We thank the Reviewer for pointing this out and apologize for a lack of clarity. This has now been rewritten (page 25, line 625).

All experiments were carried out in current clamp (‘bridge’) mode, and only cells with an initial series resistance between 9 and 16 MΩ were included. Series resistance was

compensated for by adjusting the bridge balance, and data was discarded if series resistance changed by more than 30%.

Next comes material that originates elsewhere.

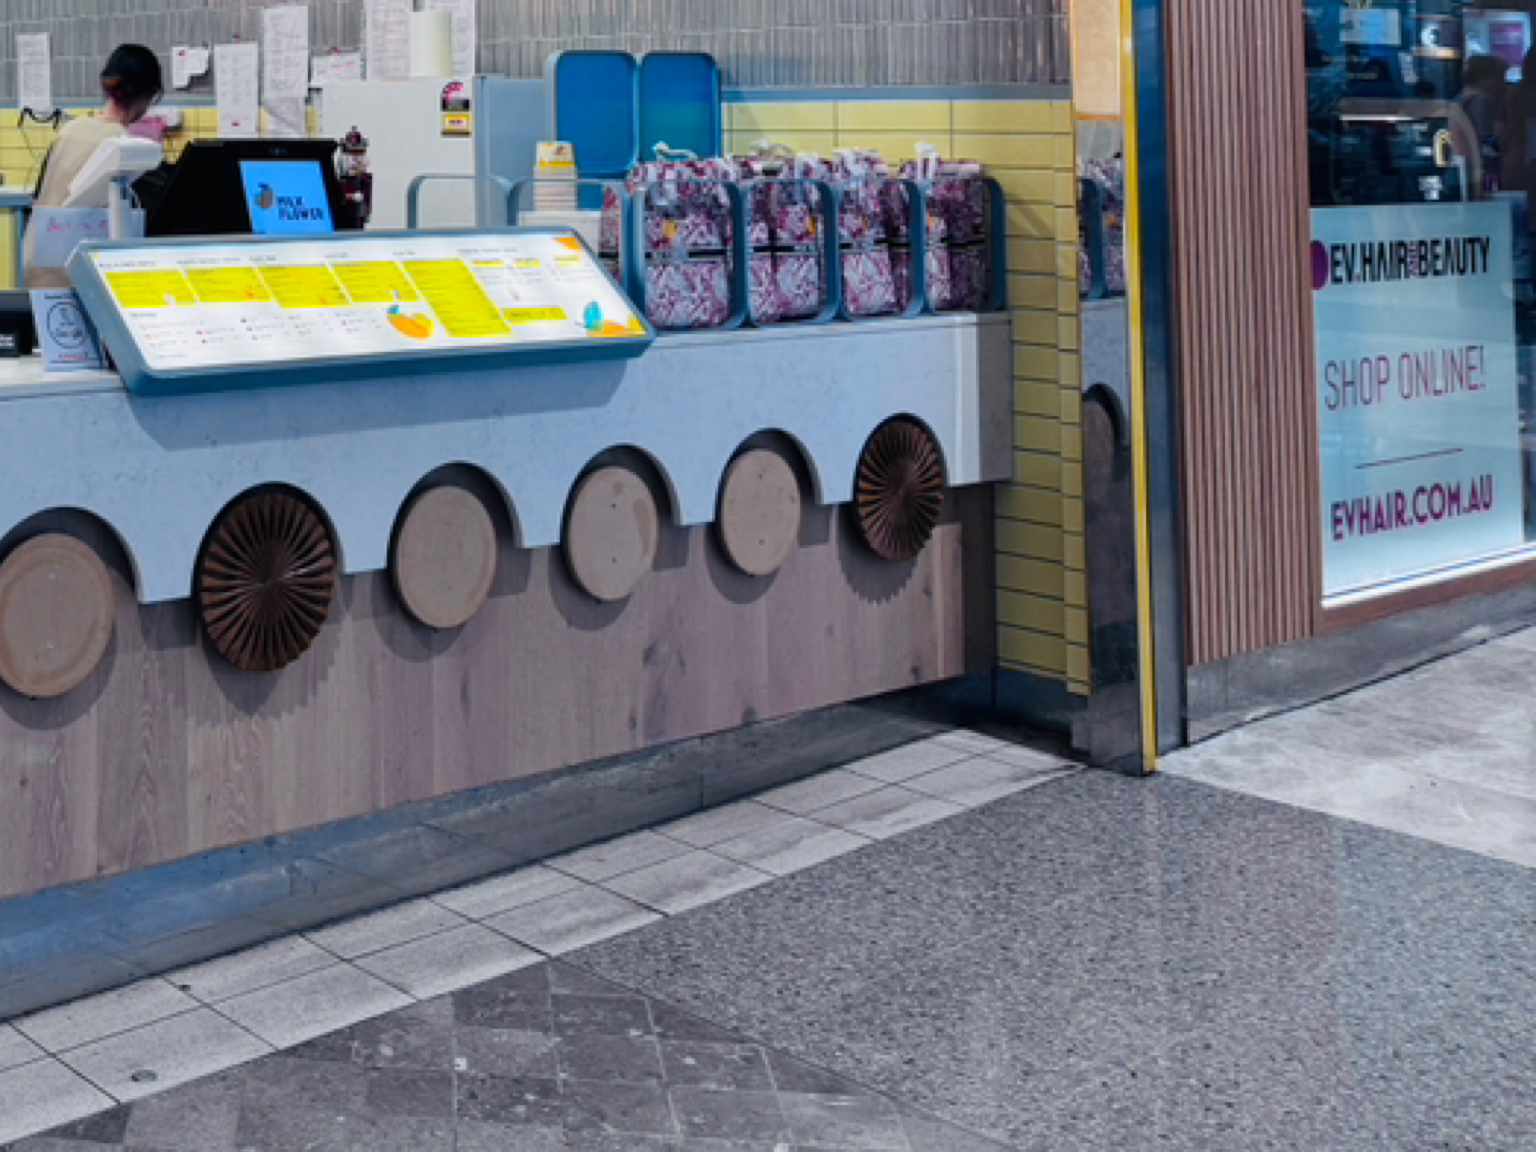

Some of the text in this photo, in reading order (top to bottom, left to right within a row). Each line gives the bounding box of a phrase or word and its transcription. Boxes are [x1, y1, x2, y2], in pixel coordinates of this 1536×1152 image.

[1324, 344, 1486, 410] SHOP ONLINE!
[1329, 473, 1495, 542] EVHAIR.COM.AU

What was the pipette resistance measured to?

The pipette resistance was 4–7 MΩ. (page 24, line 577)

5. Modelling could be clearer. P 22, "tau_e = 10 min is the eligibility time constant. " Where does this value come from? Please justify.

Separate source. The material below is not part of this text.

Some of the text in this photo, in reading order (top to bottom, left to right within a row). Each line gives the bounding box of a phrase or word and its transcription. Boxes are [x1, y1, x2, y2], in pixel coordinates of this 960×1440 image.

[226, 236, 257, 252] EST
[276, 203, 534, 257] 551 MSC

tau_e = 10 min was based on the experimental protocol, where burst reactivation was

applied 10 minutes after priming. This has been added to the Methods section (page 27, line 667).

P 21, "(α_intrinsic is taken as 0 unless otherwise stated)", please clarify what this means and why it would sometimes be not zero.

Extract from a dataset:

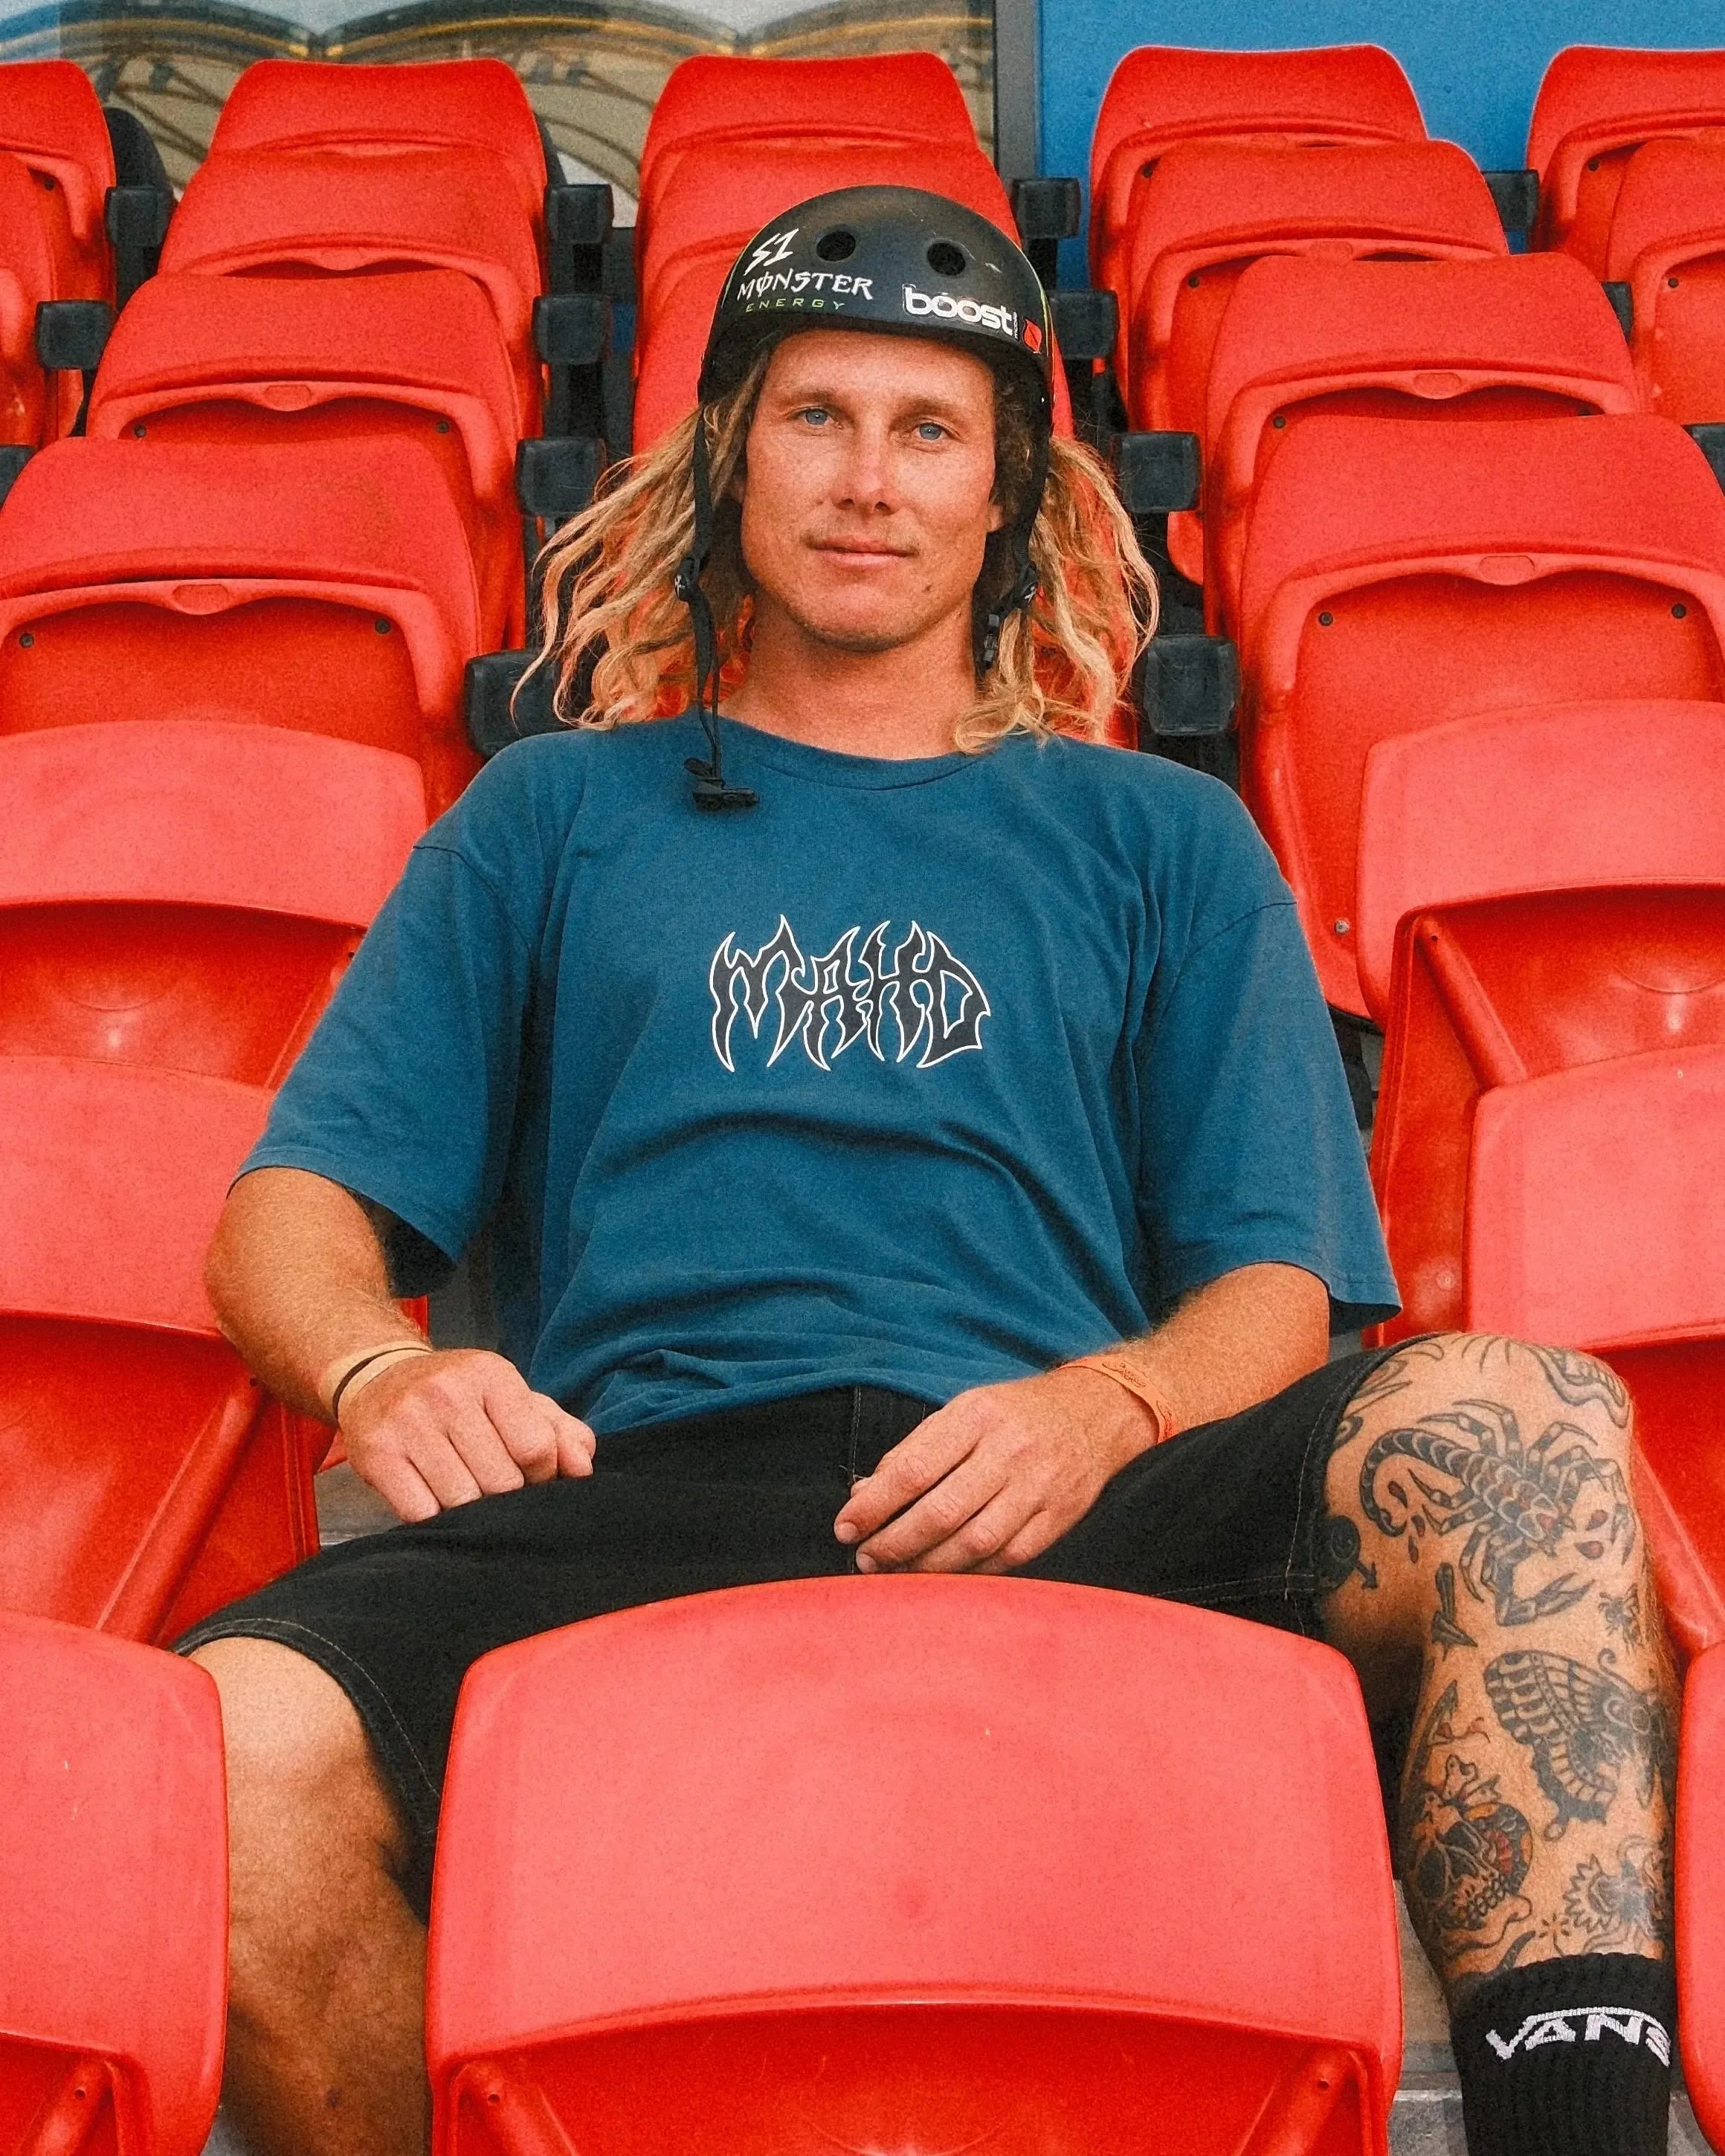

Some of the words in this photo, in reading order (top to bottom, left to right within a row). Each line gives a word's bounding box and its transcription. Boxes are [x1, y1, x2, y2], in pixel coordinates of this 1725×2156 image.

α_intrinsic was applied to all neurons in Figure 6B, while in the other configurations no

intrinsic current was applied. We have changed the wording of this sentence to make this clearer (page 26, line 655).

P26, "Experimental data and code are available at https://github.com/ …" I cannot evaluate code that is not made available.

Experimental data and code have now been uploaded to github.com and referenced in the manuscript (page 30, line 793).

Code for computational model and code for in vivo analysis (including a link to in vivo data) are available at: https://github.com/przemyslawj/dCA1-reactivations. Data of plasticity experiments and of simulation data from computational model are available at: https://data.mendeley.com/datasets/dx7cdgpcz3/1.

6. Why is the priming done with post-pre and not pre-post pairing? Conceptually, this part is entirely unclear to me. (related to Major Point 1) Is this choice of timing explained somewhere and I missed it?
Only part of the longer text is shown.